TASK TO COMPLETE: Would you return every entry below without a single difference?

[Dataset entries]
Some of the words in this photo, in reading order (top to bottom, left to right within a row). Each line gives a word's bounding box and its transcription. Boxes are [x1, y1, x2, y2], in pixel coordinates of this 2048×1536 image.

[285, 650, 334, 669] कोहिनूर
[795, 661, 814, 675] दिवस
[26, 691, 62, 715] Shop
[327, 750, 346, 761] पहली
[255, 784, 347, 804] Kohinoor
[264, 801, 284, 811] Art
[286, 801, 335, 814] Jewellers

ANSWER SECTION:
Some of the words in this photo, in reading order (top to bottom, left to right within a row). Each line gives a word's bounding box and its transcription. Boxes are [x1, y1, x2, y2], in pixel coordinates of this 2048×1536 image.

[285, 650, 334, 669] कोहिनूर
[795, 661, 814, 675] दिवस
[26, 691, 62, 715] Shop
[327, 750, 346, 761] पहली
[255, 784, 347, 804] Kohinoor
[264, 801, 284, 811] Art
[286, 801, 335, 814] Jewellers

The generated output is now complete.